Verilen Maddi ve Manevi Ücretler

Emirdağ Gayr-i Münteşir


        Maddî-manevî bir sual münasebetiyle garib bir ihtar:

        Şöyle ki: Denildi: Sen müdafaaatında demişsin: “Müslümanlar din terbiyesini terketse, anarşi olur.
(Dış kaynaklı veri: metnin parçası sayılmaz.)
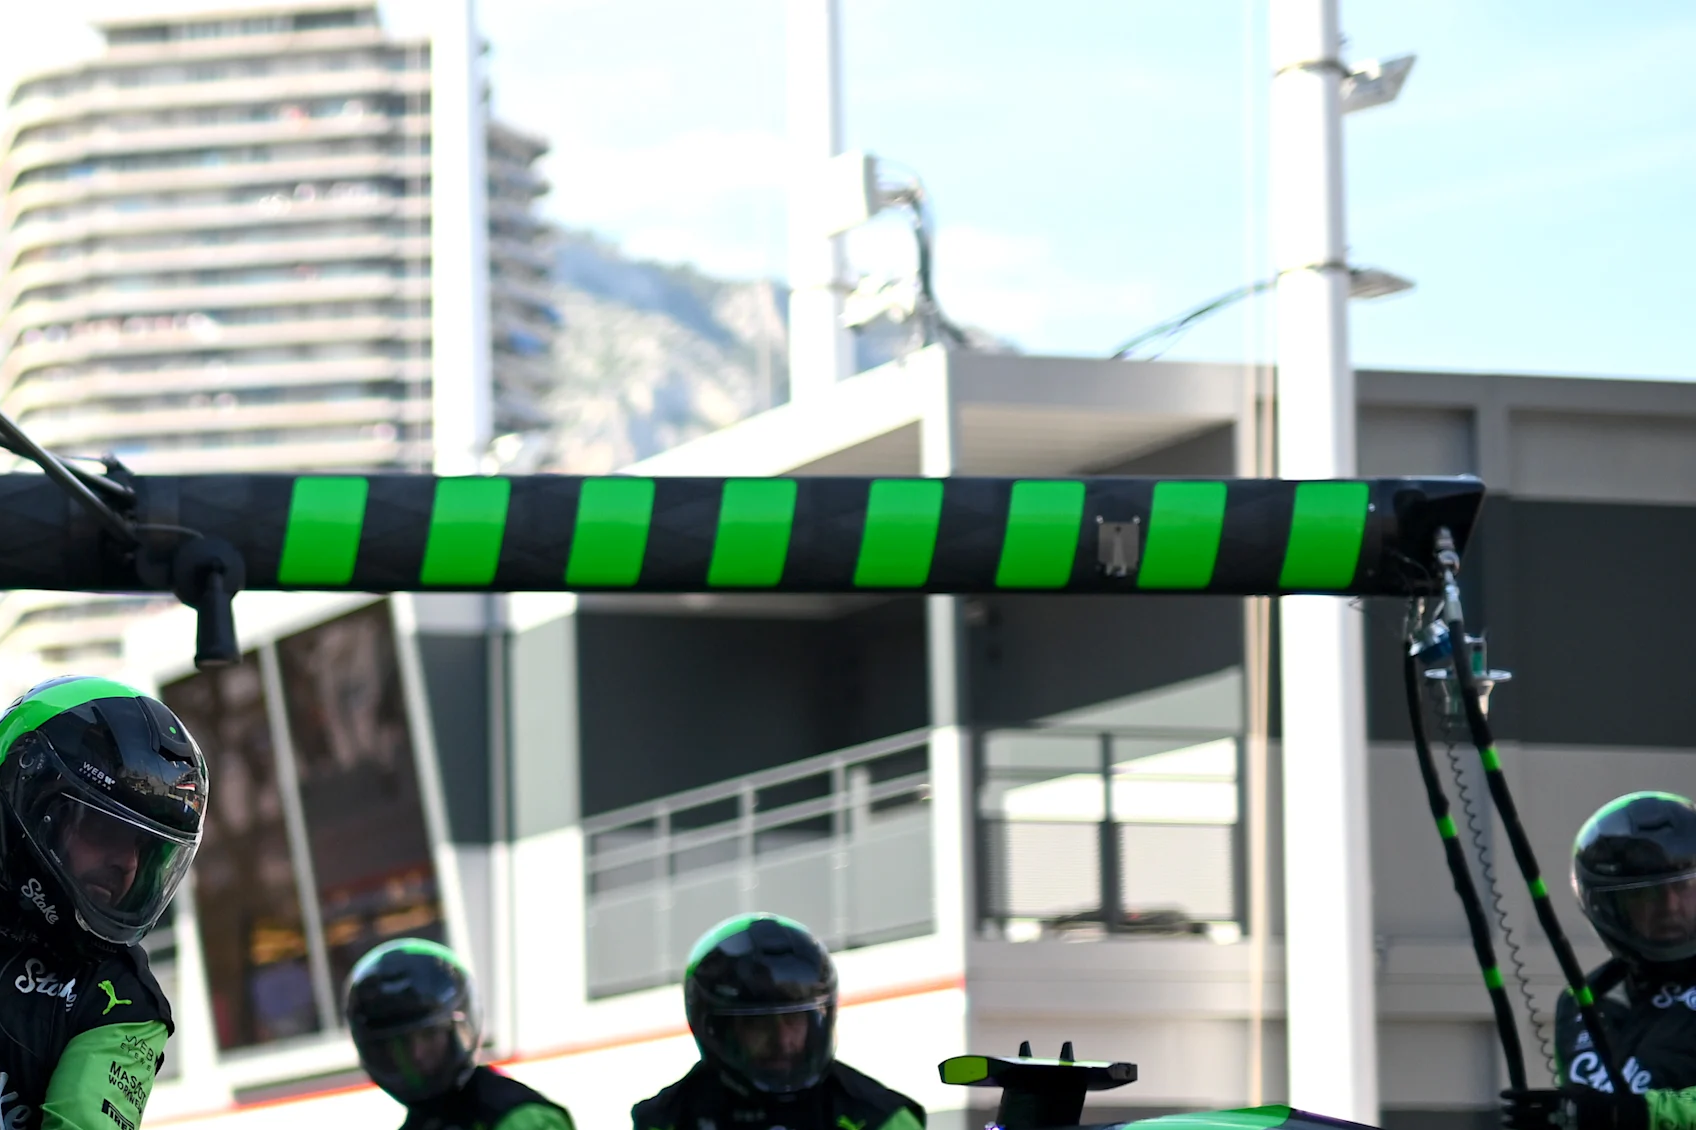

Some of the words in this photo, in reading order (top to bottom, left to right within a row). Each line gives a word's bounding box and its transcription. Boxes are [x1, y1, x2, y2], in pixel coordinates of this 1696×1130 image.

[82, 761, 105, 780] WEB
[20, 877, 59, 925] Stake
[124, 1034, 154, 1062] WEB
[109, 1060, 147, 1101] MASCOT
Başka ecnebî milletler gibi komünist veya sosyalist gibi kayıd altında kalamaz ve anarşilere idare etmek yalnız istibdad-ı mutlak ve rüşvet-i mutlaka ile olabilir, başka çare olamaz.” Hem müdafaatta demişsin: “Risale-i Nur küfr-ü mutlakı kırdığı için küfr-ü mutlakın üstü olan istibdad-ı mutlakı ve altı olan anarşiliği def’eder, kaldırır.” Acaba bir misal gösterebilir misin?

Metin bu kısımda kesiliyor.